Workshop relies on YAML-based configuration files that describe everything required for a project. Since these files can be stored alongside source code in version control, every developer working on the project can generate the same environment regardless of the operating system or hardware they use.

At the core of Workshop are Software Development Kits (SDKs), which bundle programming languages, frameworks, libraries, and other development tools into reusable packages. Canonical provides an SDK Store where these packages are published and maintained, allowing projects to specify exact SDK versions through release channels similar to the versioning model used by Snap packages.

The initial release includes official SDKs for technologies such as Ollama, OpenCode, NVIDIA CUDA, and AMD ROCm. Developers are also free to build custom SDKs tailored to their own applications. These can be shared publicly through the SDK Store or distributed privately within an organization. Project-specific SDKs may also be stored directly inside a local .workshop directory, making them part of the project’s source tree.

Workshop combines all required SDKs through a straightforward YAML definition file. Because the configuration is stored as plain text, it can easily be reviewed, modified, and tracked using standard version control systems, helping development teams maintain consistent environments throughout a project’s lifecycle.

According to Canonical, Workshop significantly reduces the time required to prepare a new development workstation. Environments that previously required lengthy manual installation and configuration can now be created with only a few commands while remaining consistent over time.

Although Linux developers already have access to tools such as Dev Containers, Nix shells, and Docker Compose, Workshop distinguishes itself by placing a strong emphasis on security and isolation.

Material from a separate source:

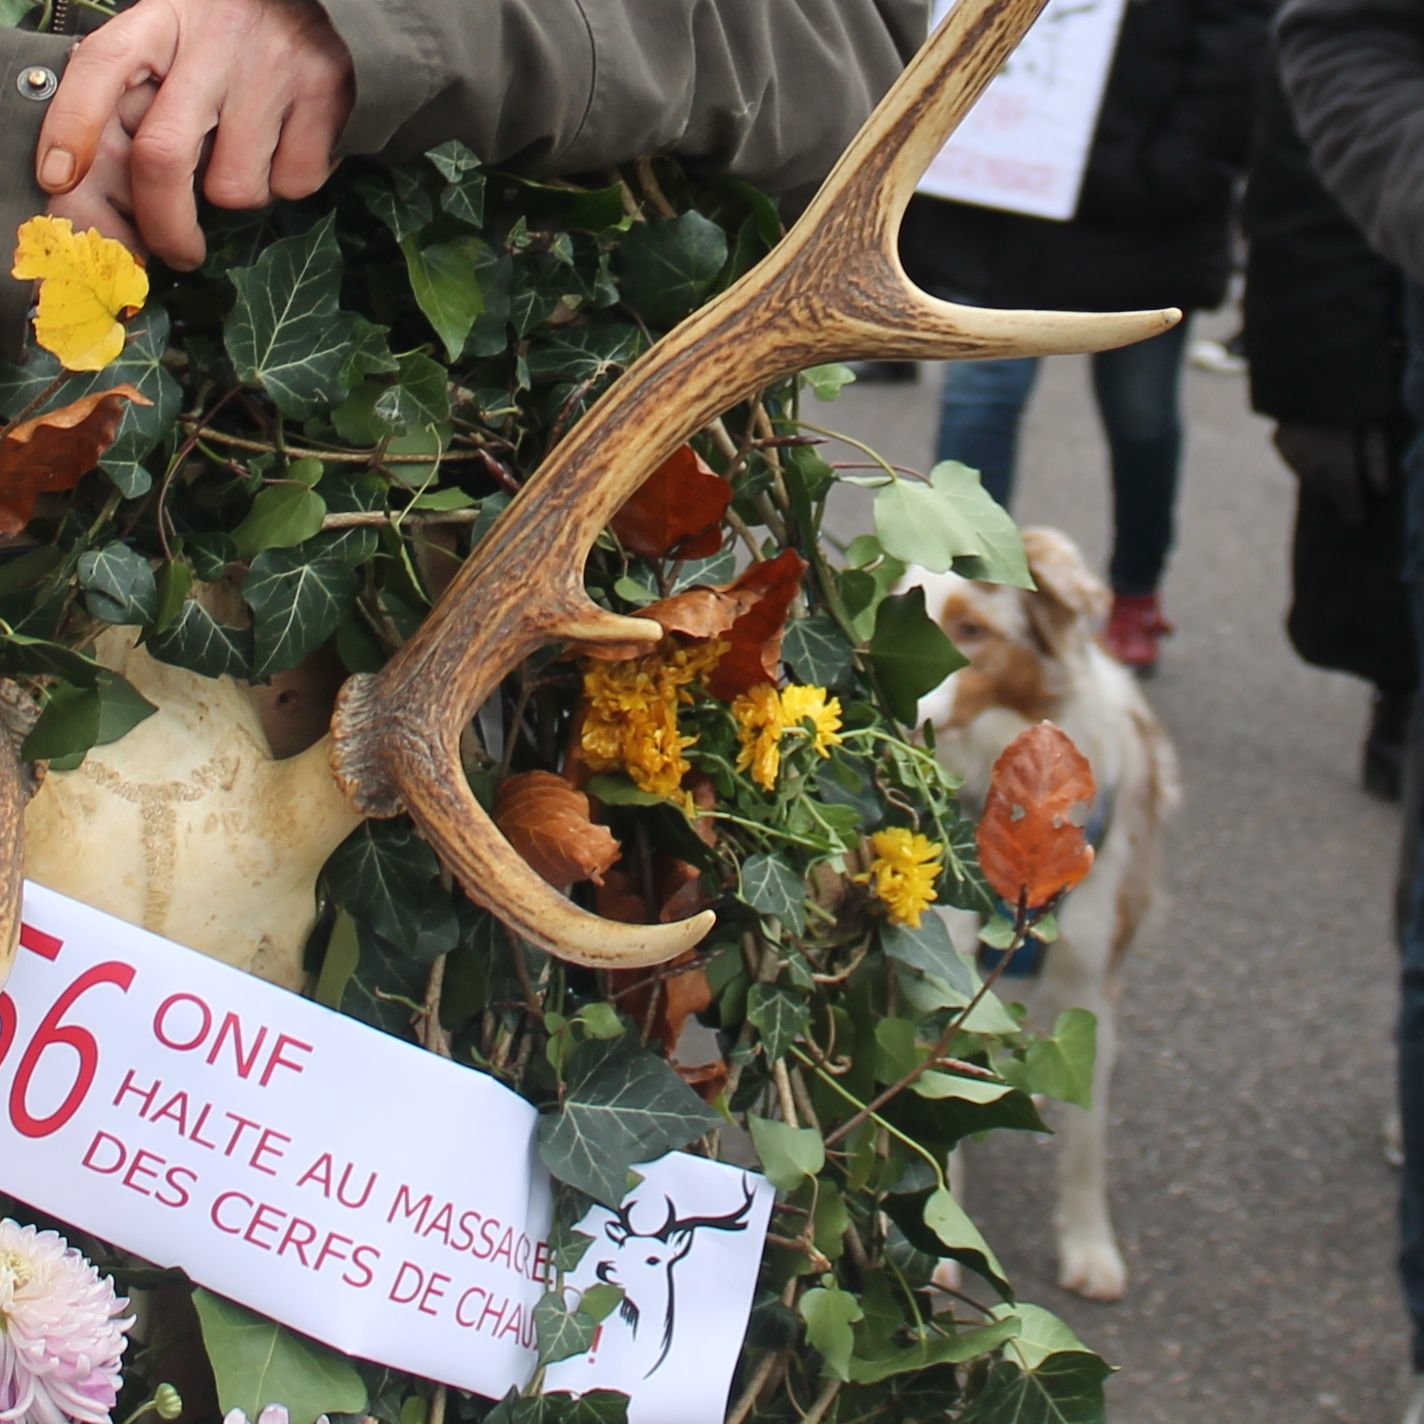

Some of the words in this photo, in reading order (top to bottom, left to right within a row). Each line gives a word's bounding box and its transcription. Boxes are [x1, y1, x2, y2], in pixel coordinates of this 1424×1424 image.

Every development environment runs inside an unprivileged LXD system container, separating project processes, files, and networking from the host operating system while still sharing the same Linux kernel for efficiency.

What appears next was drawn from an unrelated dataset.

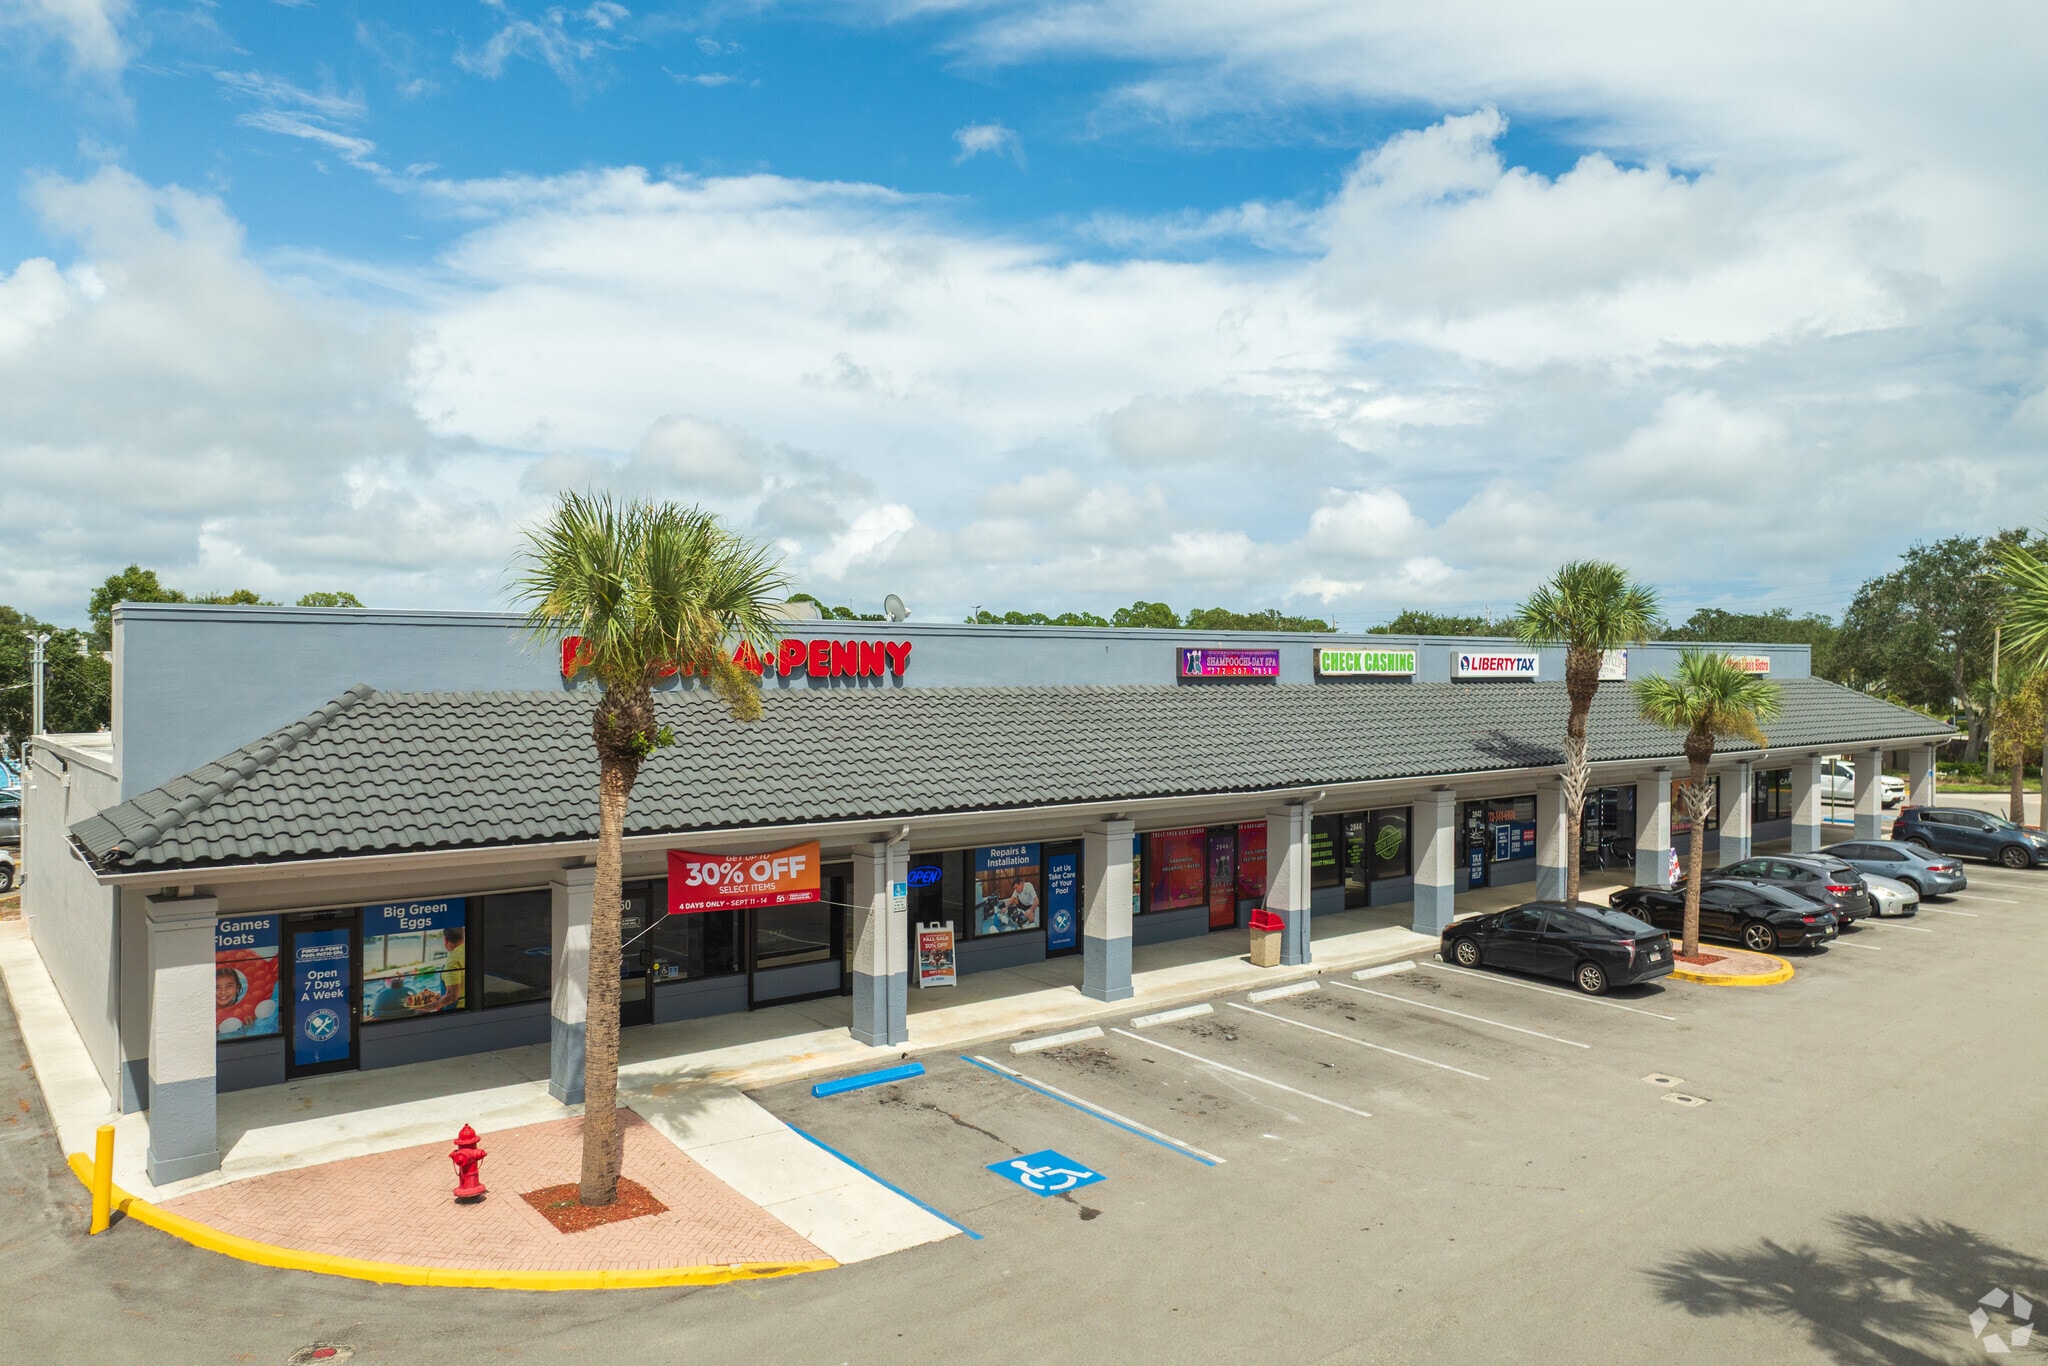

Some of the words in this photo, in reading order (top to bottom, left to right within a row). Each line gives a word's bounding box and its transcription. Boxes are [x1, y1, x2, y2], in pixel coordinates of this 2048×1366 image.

Access to host resources is carefully managed through an interface system inspired by Snap’s permission model. Hardware devices and sensitive resources—including GPUs, SSH agents, and other system integrations—are unavailable by default and must be explicitly authorized before a container can use them.

This security-first approach is particularly relevant for developers working with artificial intelligence workloads. Canonical believes development tools should remain convenient for users without automatically granting unrestricted system access to AI agents or automated processes. By using non-privileged containers as the default environment, Workshop limits unnecessary permissions while still providing the resources required for development.

Workshop requires LXD 6.8 or a newer release and is distributed as a Snap package through the Snap Store. Developers interested in exploring its features can review the official documentation for installation instructions, configuration examples, and project management guidance, while the complete source code is also available on GitHub for anyone wishing to contribute or examine the implementation.